◆ What needs to be done ◆
Would you give all of the records again, exactly as they read?

[Record excerpts — start]

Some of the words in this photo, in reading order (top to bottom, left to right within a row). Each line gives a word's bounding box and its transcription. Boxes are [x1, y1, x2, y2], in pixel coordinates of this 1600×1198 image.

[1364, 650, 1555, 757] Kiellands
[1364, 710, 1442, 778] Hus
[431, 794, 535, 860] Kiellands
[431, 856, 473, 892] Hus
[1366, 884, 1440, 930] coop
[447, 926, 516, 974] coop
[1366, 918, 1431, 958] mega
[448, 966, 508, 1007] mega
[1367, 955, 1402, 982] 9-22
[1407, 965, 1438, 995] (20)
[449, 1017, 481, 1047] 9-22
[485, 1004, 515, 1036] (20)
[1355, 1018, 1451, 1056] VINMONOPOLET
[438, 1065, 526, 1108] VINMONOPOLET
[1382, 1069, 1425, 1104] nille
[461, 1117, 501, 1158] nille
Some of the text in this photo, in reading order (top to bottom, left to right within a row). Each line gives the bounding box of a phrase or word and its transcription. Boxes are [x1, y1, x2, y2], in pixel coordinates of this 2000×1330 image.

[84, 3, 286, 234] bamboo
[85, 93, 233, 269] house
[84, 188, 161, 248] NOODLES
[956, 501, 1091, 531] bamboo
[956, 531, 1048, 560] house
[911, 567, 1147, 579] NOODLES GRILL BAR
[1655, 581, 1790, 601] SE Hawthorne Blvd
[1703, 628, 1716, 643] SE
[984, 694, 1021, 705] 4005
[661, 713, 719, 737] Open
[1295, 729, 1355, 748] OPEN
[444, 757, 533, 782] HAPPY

[Record excerpts — finish]

◆ Result for this exercise ◆
Some of the words in this photo, in reading order (top to bottom, left to right within a row). Each line gives a word's bounding box and its transcription. Boxes are [x1, y1, x2, y2], in pixel coordinates of this 1600×1198 image.

[1364, 650, 1555, 757] Kiellands
[1364, 710, 1442, 778] Hus
[431, 794, 535, 860] Kiellands
[431, 856, 473, 892] Hus
[1366, 884, 1440, 930] coop
[447, 926, 516, 974] coop
[1366, 918, 1431, 958] mega
[448, 966, 508, 1007] mega
[1367, 955, 1402, 982] 9-22
[1407, 965, 1438, 995] (20)
[449, 1017, 481, 1047] 9-22
[485, 1004, 515, 1036] (20)
[1355, 1018, 1451, 1056] VINMONOPOLET
[438, 1065, 526, 1108] VINMONOPOLET
[1382, 1069, 1425, 1104] nille
[461, 1117, 501, 1158] nille
Some of the text in this photo, in reading order (top to bottom, left to right within a row). Each line gives the bounding box of a phrase or word and its transcription. Boxes are [x1, y1, x2, y2], in pixel coordinates of this 2000×1330 image.

[84, 3, 286, 234] bamboo
[85, 93, 233, 269] house
[84, 188, 161, 248] NOODLES
[956, 501, 1091, 531] bamboo
[956, 531, 1048, 560] house
[911, 567, 1147, 579] NOODLES GRILL BAR
[1655, 581, 1790, 601] SE Hawthorne Blvd
[1703, 628, 1716, 643] SE
[984, 694, 1021, 705] 4005
[661, 713, 719, 737] Open
[1295, 729, 1355, 748] OPEN
[444, 757, 533, 782] HAPPY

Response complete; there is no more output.